From b8ef451357505d063690d7bef51903696f750382 Mon Sep 17 00:00:00 2001
From: b4d <b4d@sablun.org>
Date: Tue, 21 Sep 2021 15:48:44 +0200
Subject: [PATCH] Made stuff into functions and cleaned up the code

---
 parse.py | 60 +++++++++++++++++++++++++++-----------------------------
 1 file changed, 29 insertions(+), 31 deletions(-)
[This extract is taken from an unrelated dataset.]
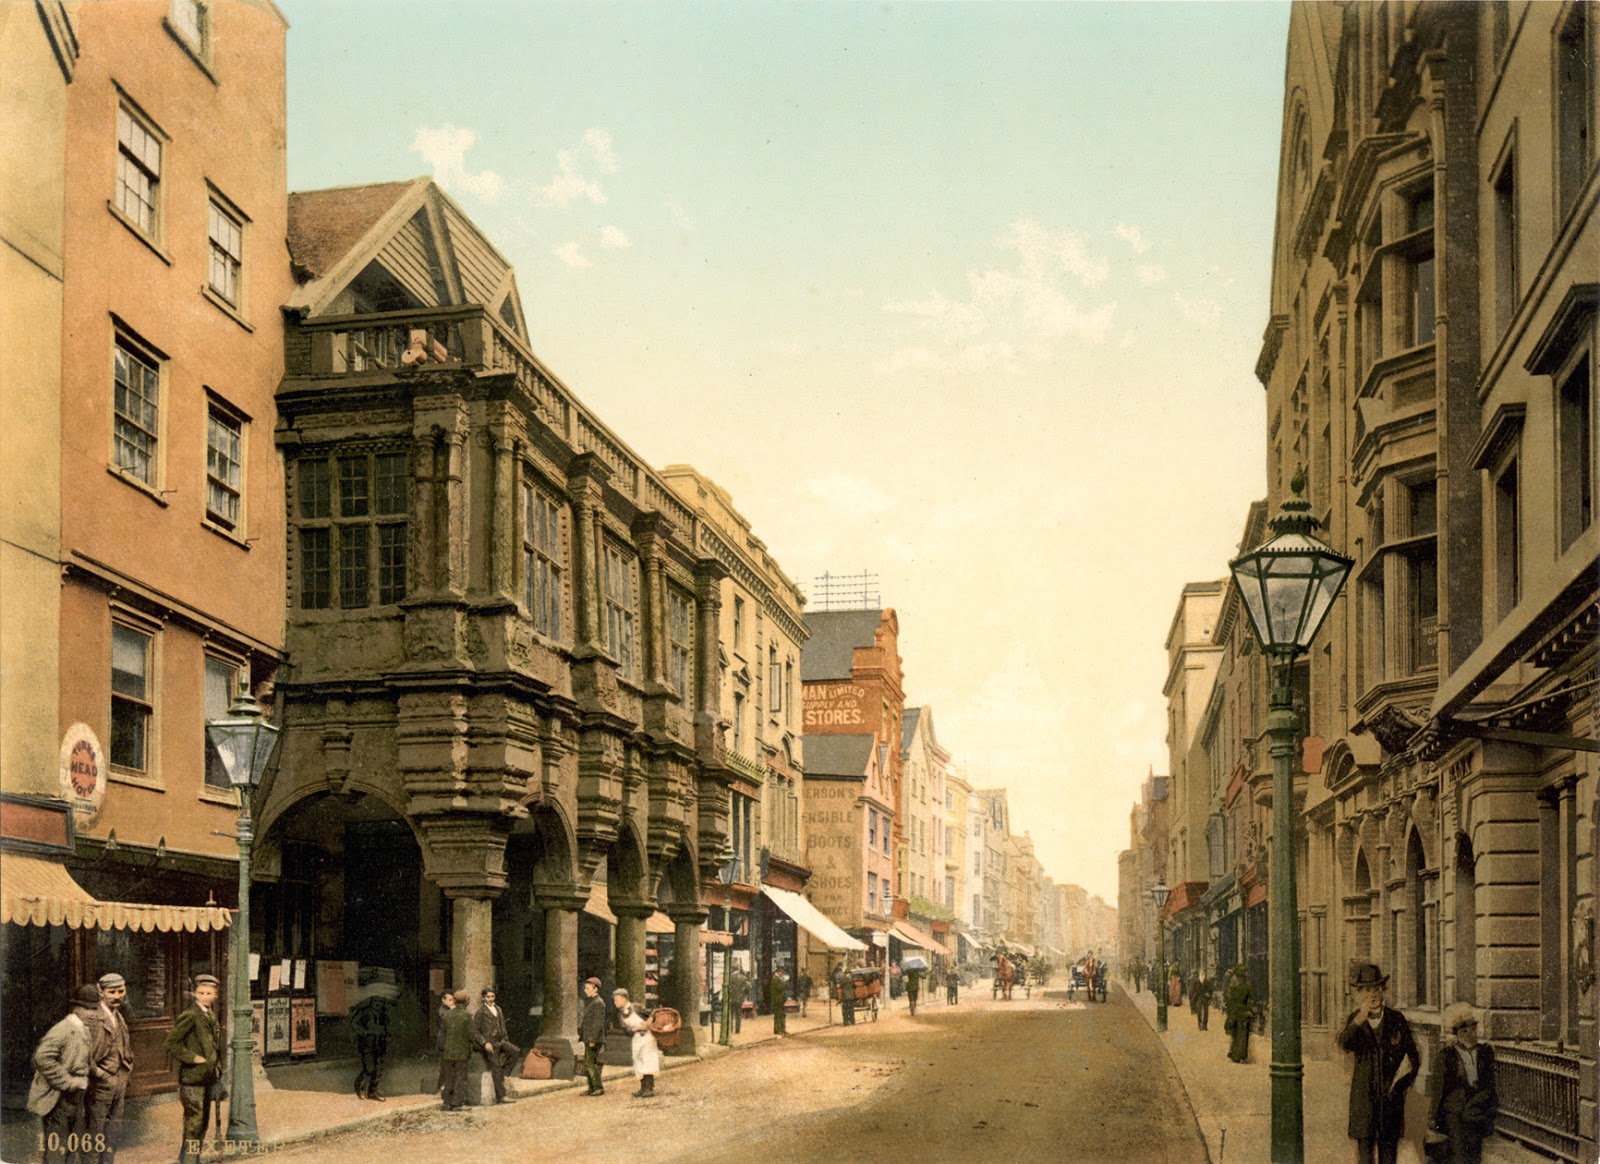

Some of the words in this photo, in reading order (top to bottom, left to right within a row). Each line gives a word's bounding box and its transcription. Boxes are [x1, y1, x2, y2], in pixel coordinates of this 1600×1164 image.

diff --git a/parse.py b/parse.py
index ee00b22..525905c 100755
--- a/parse.py
+++ b/parse.py
@@ -4,6 +4,8 @@ import requests
 from bs4 import BeautifulSoup
 import pandas as pd
 
+from multiprocessing import Process
+
 # URLs to parse
 modra_URL = "https://www.modra.si/skladi-in-podskladi/"
 infond_URL = "https://www.infond.si/tecajnica-vzajemnih-skladov"
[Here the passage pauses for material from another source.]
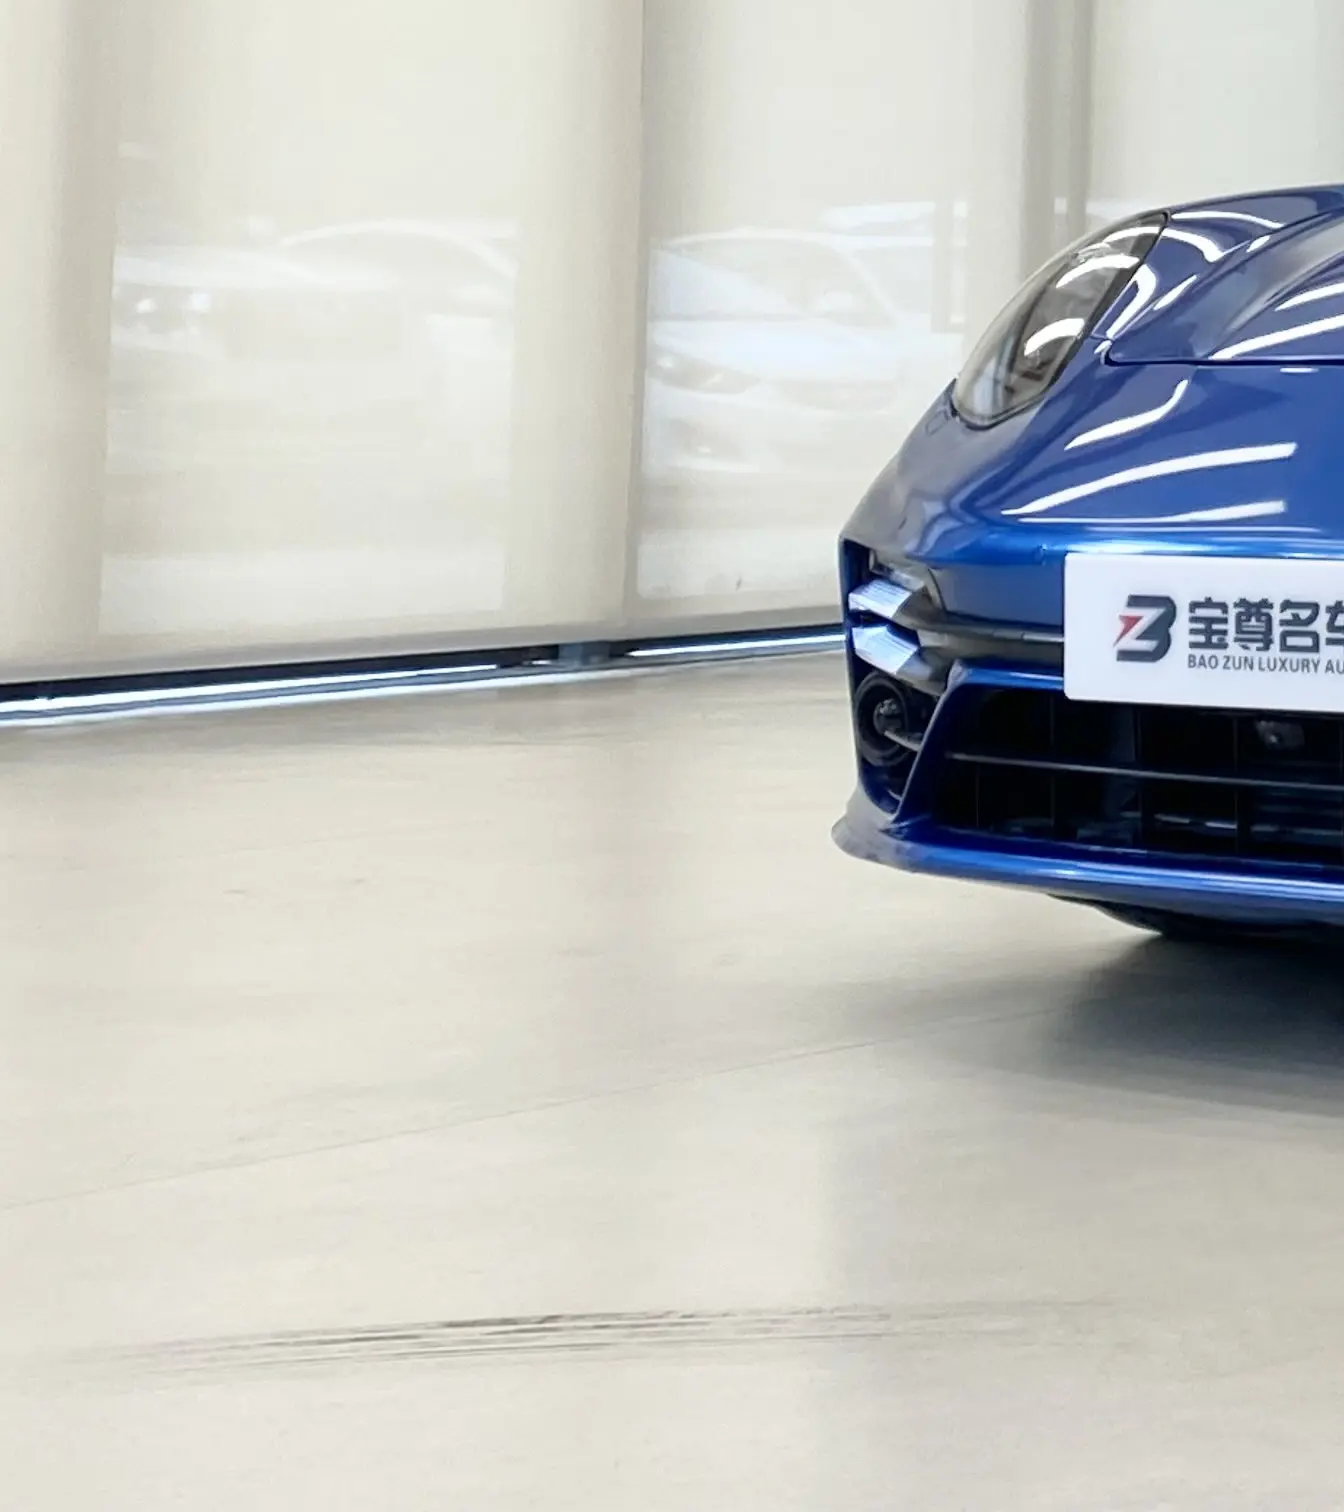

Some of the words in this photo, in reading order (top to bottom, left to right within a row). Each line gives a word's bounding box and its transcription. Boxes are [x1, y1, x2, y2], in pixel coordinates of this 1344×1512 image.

[1187, 653, 1219, 670] BAO
[1222, 655, 1254, 672] ZUN
[1258, 656, 1320, 675] LUXURY
@@ -15,20 +17,19 @@ headers = {'User-Agent': 'Mozilla/5.0 (Macintosh; Intel Mac OS X 10_10_1) AppleW
 ###############################################################################
 # Parse Modra Zavarovalnica
 #
+def parse_modra():
+    a = requests.get(modra_URL, headers = headers)
+    df = pd.read_html(a.text, thousands=None)[0]
 
-a = requests.get(modra_URL, headers = headers)
+    # Rename Columns
+    df.rename(columns = {'VEP ? Vrednost enote premoženja':'VEP', 'Sklad':'SKLAD'}, inplace = True)
 
-df_list = pd.read_html(a.text, thousands=None)
-df = df_list[0]
+    # Drop all columns except the ones we want
+    df = df.filter(['SKLAD', 'VEP'])
 
-# Rename Columns
-df.rename(columns = {'VEP ? Vrednost enote premoženja':'VEP', 'Sklad':'SKLAD'}, inplace = True)
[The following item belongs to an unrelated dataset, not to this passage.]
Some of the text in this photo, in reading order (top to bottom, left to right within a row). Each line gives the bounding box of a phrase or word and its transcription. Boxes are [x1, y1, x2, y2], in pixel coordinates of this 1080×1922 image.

+    # Drop all rows except the ones we want
+    return df[(df["SKLAD"]=="Dinamični podsklad") | (df["SKLAD"] =="Zajamčeni podsklad") ]
 
-# Drop all columns except the ones we want
-df = df.filter(['SKLAD', 'VEP'])
-
-# Drop all rows except the ones we want
-subset = df[(df["SKLAD"]=="Dinamični podsklad") | (df["SKLAD"] =="Zajamčeni podsklad") ]
 
 
 
@@ -36,33 +37,30 @@ subset = df[(df["SKLAD"]=="Dinamični podsklad") | (df["SKLAD"] =="Zajamčeni po
 # Parse Sava Infond Skladi
 #
 
-a = requests.get(infond_URL, headers = headers)
-df_list = pd.read_html(a.text, thousands=None)
+def parse_infond():
+    a = requests.get(infond_URL, headers = headers)
+    df = pd.read_html(a.text, thousands=None)[0]
 
+    # Drop all columns except the ones we want
+    df = df.filter(['SKLAD', 'VEP'])
 
-# Drop all columns except the ones we want
-df_list[0] = df_list[0].filter(['SKLAD', 'VEP'])
+    # Cleanup the "SKLAD" name
+    a = df.at[23,'SKLAD']
+    df.at[23,'SKLAD'] = a.split()[0]+' '+a.split()[1]
+    df.at[23,'VEP'] = a.split()[2]
 
-# Cleanup the "SKLAD" name
-a = df_list[0].at[23,'SKLAD']
-df_list[0].at[23,'SKLAD'] = a.split()[0]+' '+a.split()[1]
-df_list[0].at[23,'VEP'] = a.split()[2]
-
-a = df_list[0].at[15,'SKLAD']
-df_list[0].at[15,'SKLAD'] = a.split()[0]+' '+a.split()[1]
-df_list[0].at[15,'VEP'] = a.split()[2]
-
-
-# Drop all rows except the ones we want
-df = df_list[0]
-subset1 = df[(df["SKLAD"]=="Infond Defensive") | (df["SKLAD"] =="Infond Technology") ]
+    a = df.at[15,'SKLAD']
+    df.at[15,'SKLAD'] = a.split()[0]+' '+a.split()[1]
+    df.at[15,'VEP'] = a.split()[2]
 
+    # Drop all rows except the ones we want
+    return df[(df["SKLAD"]=="Infond Defensive") | (df["SKLAD"] =="Infond Technology") ]
 
 
 ###############################################################################
 # Create new datatable and output it
 #
-
-output_table = pd.concat([subset, subset1], axis=0)
-output_table = output_table.reset_index(drop=True)
-print(output_table)
+if __name__ == '__main__':
+    output_table = pd.concat([parse_modra(), parse_infond()], axis=0)
+    output_table = output_table.reset_index(drop=True)
+    print(output_table)